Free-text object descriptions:
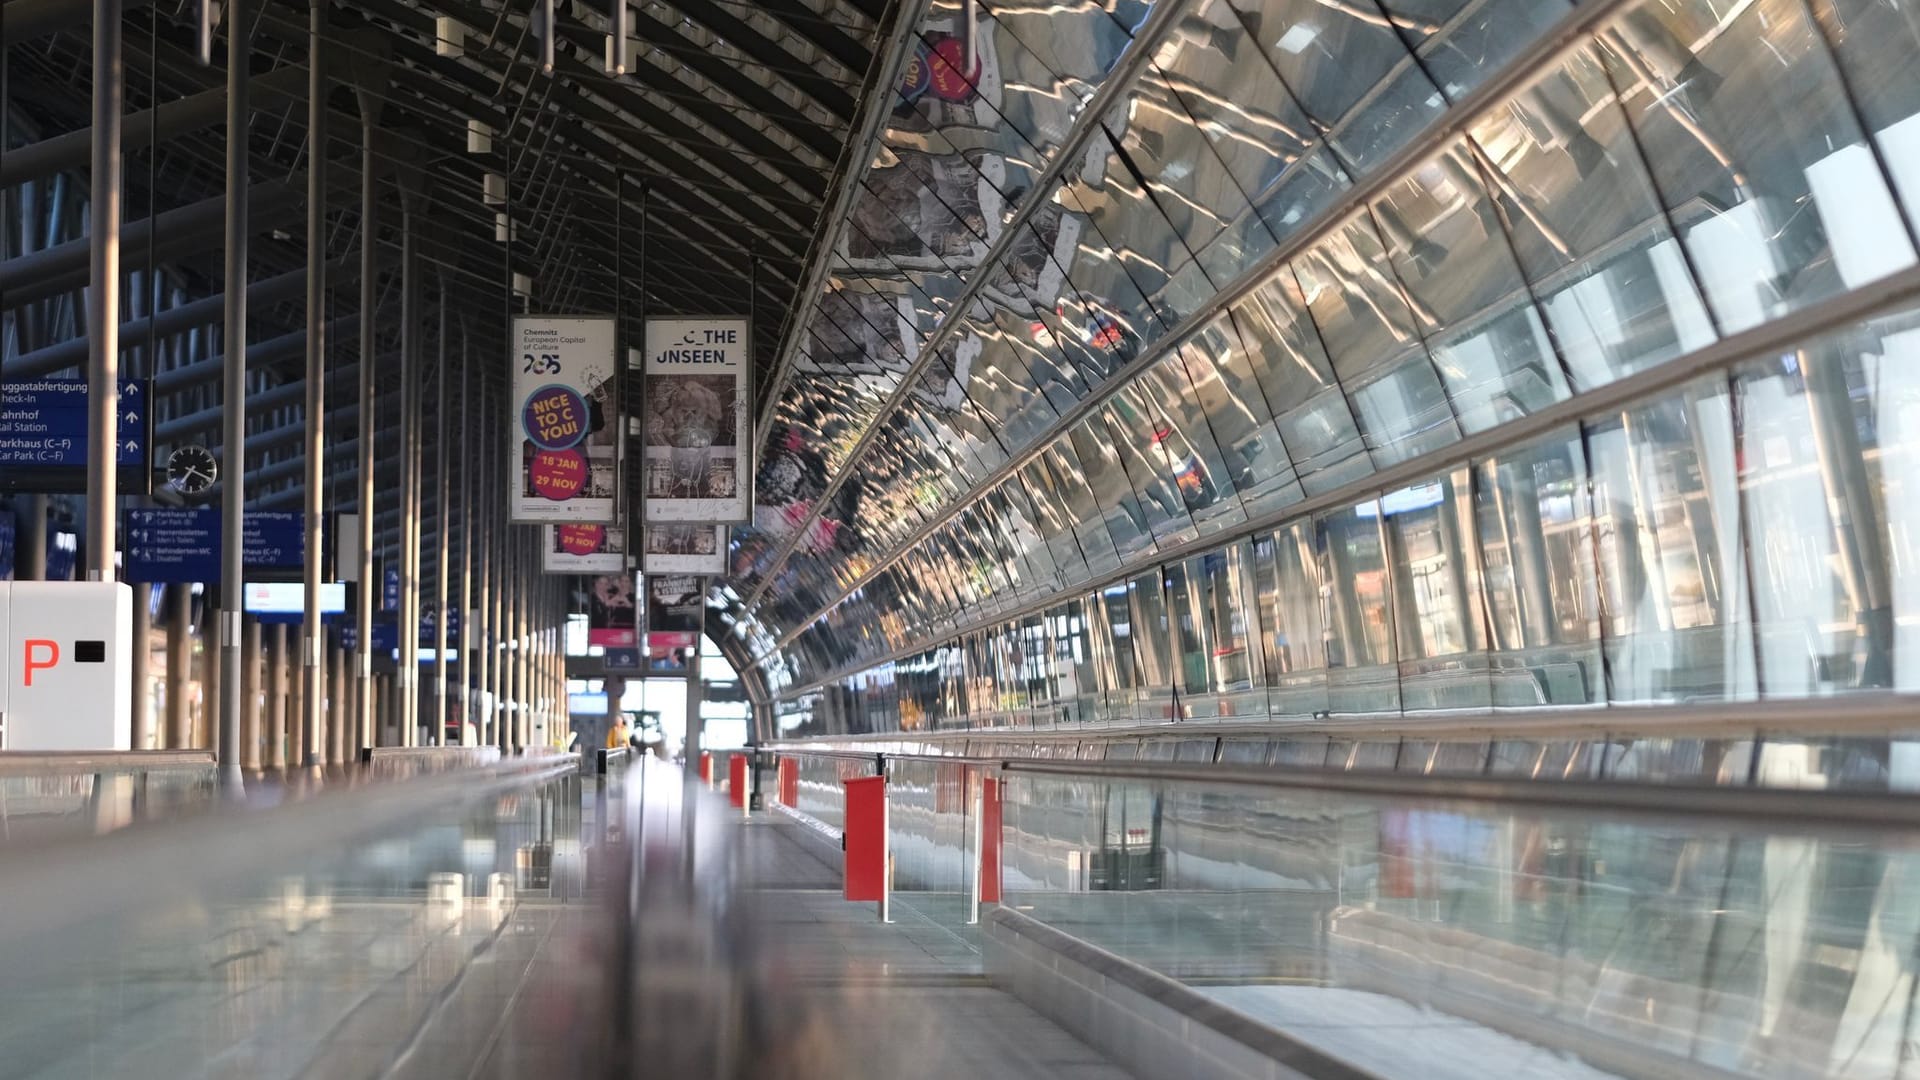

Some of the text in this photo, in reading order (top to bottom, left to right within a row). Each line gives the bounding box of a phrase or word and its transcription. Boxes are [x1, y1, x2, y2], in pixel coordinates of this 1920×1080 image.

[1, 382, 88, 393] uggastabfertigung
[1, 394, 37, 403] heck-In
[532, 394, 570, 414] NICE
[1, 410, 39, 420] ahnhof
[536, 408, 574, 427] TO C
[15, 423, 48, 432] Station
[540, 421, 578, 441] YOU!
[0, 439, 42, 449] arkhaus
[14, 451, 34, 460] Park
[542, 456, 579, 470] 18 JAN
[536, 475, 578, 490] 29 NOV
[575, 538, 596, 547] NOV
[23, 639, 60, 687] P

EXERCISE REQUIREMENTS: Could you copy the data above exactly, leaving the pictures out?

ANSWER TO THIS TASK:
Some of the text in this photo, in reading order (top to bottom, left to right within a row). Each line gives the bounding box of a phrase or word and its transcription. Boxes are [x1, y1, x2, y2], in pixel coordinates of this 1920×1080 image.

[1, 382, 88, 393] uggastabfertigung
[1, 394, 37, 403] heck-In
[532, 394, 570, 414] NICE
[1, 410, 39, 420] ahnhof
[536, 408, 574, 427] TO C
[15, 423, 48, 432] Station
[540, 421, 578, 441] YOU!
[0, 439, 42, 449] arkhaus
[14, 451, 34, 460] Park
[542, 456, 579, 470] 18 JAN
[536, 475, 578, 490] 29 NOV
[575, 538, 596, 547] NOV
[23, 639, 60, 687] P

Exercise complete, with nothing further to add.